In high school, Eric was a straight A student and athlete before drugs stole his identity and future. For nearly 23 years, he chased one drug after another, one high after another, always empty and always running from the truth of how desperately he needed help.
Eric first came to Second Chances as a resident himself. Fresh out of jail, he realized that he knew what it was like to give drugs and alcohol his all but not what throwing himself wholeheartedly into recovery could look like. He credits Second Chances and Alcoholics Anonymous with helping him turn his life around. “I was buried, lost, hopeless and depressed, without answers for the misery I had caused myself and others,” he shares. “Here I discovered there is a solution. I found my way back to the person I thought I’d lost through the drugs and drink. And I’ve accomplished things I couldn’t have imagined just a few years ago.”
Things like becoming a pharmacy technician – no small feat for a former pill addict. Eric took online classes while in sober living. He also straightened out his finances, got his own car, and started giving back to others in recovery. Today, Eric works full-time with Second Chances as a house manager, where he is eager to teach others what he’s learned. He credits SCRH founder Jeff Lewis and house manager David Jackson with raising him “into the grown up side of life” and emphasizes the importance of recovery community to the men he mentors. His message to anyone considering sober living with Second Chances? “Join us – you won’t regret it.”
Brandi Whitaker
House Manager (A House Called Beautiful)
Brandi Whitaker believes helping women get sober is her life’s calling. Having walked the long and difficult road of recovery herself, she wants to pass on the help and encouragement she has received.

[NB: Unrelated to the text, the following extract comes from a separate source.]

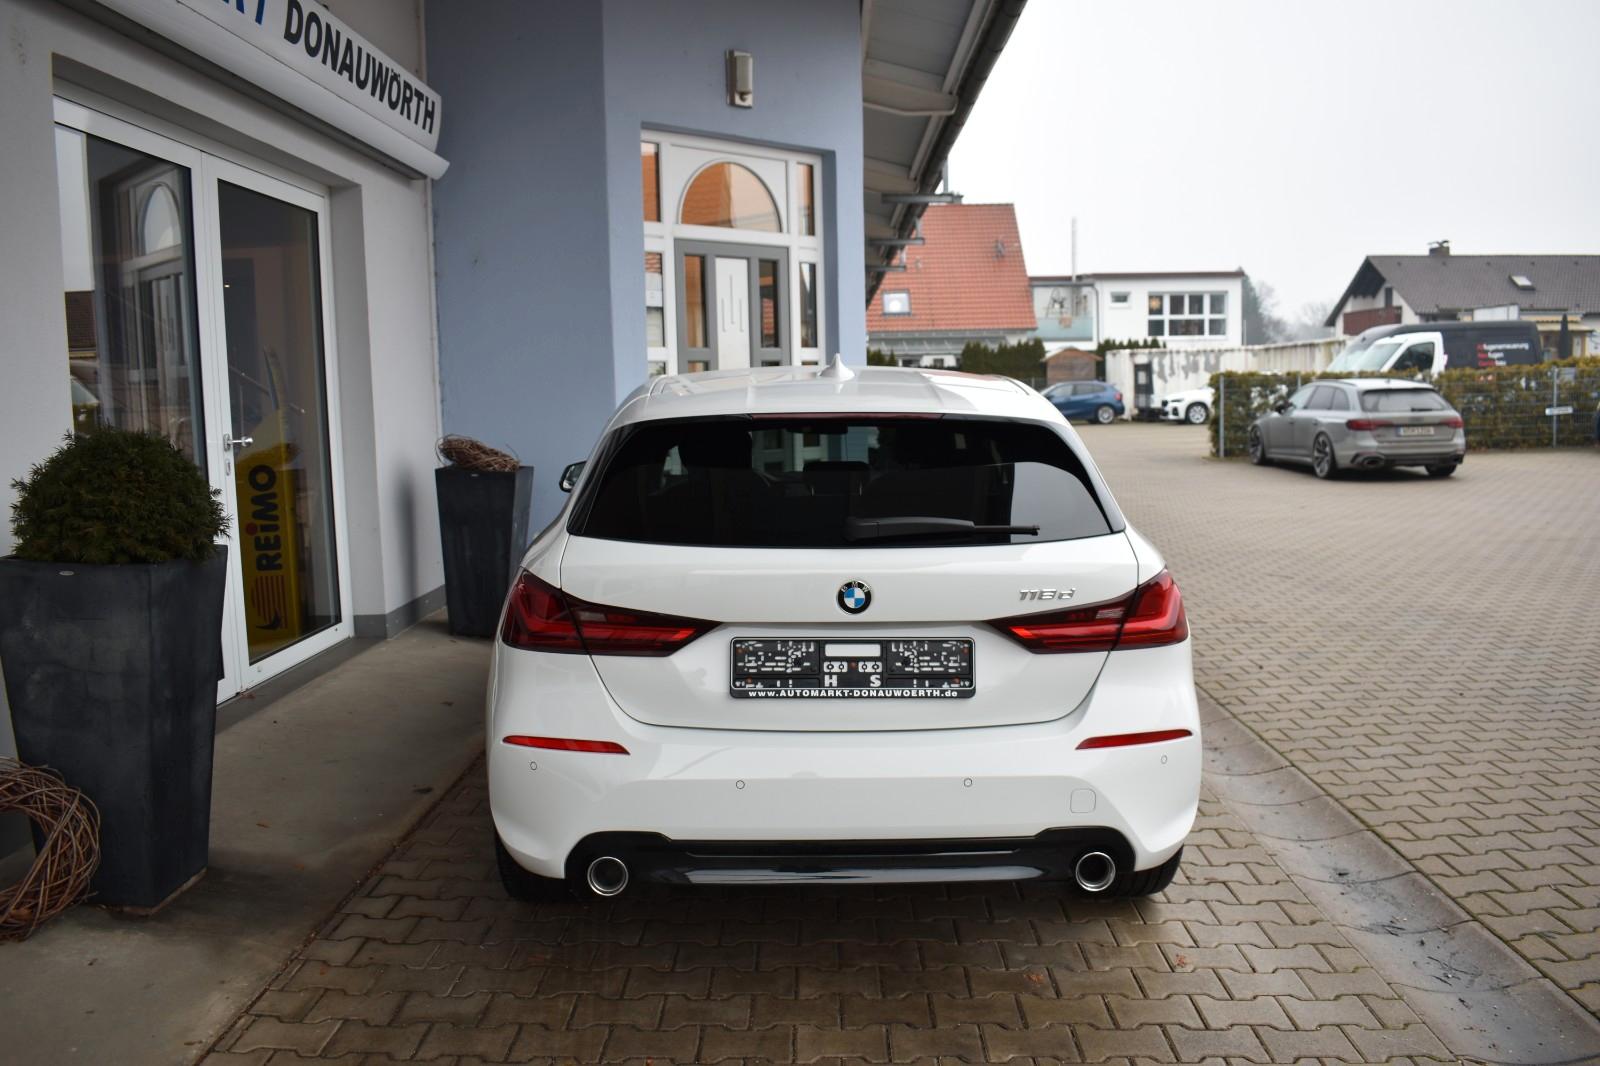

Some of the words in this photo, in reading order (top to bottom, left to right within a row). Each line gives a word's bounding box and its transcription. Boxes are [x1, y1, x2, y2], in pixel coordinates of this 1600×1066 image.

The tragic loss of her sister in a car accident sent Brandi tumbling into addiction in her late teens. After a few years spent “off the rails,” as she describes it, she got sober and eventually married and had a family. A mother of four beautiful children, she was involved in the local PTA and booster club, her days filled with homework and meetings and football practices. Then one day, out of the blue, she was confronted with the unexpected opportunity to use drugs again. Within six weeks of giving in to that temptation, Brandi had lost her car, house, husband and kids. The two-and-a-half years Brandi spent living on the streets following this catastrophic downturn were the darkest of her life.
Poor decisions ultimately landed her in jail — an act of “divine intervention” for Brandi, who says she was forced to finally sit down and “figure things out.” She began attending chapel while incarcerated, and a chaplain there helped her to reconnect with her faith, remember her true identity, and grab hold of her life’s purpose. A series of events Brandi describes as miraculous led to her early release from jail. With no earthly possessions and nowhere to go, Brandi was taken in at Faith Home, formerly a Second Chances affiliate, where she made huge strides in her recovery and became a model resident. Through walking out the 12-Steps, faithfully attending church, and regularly surrounding herself with others in recovery, Brandi began living — really living — again.
Today, Brandi is a strong and vibrant woman with a huge heart for those still struggling with addiction. She brings a message of hope about restored identity, purpose, and relationships to the women at Second Chances Recovery Homes. It’s a message she can preach with conviction because she’s lived it.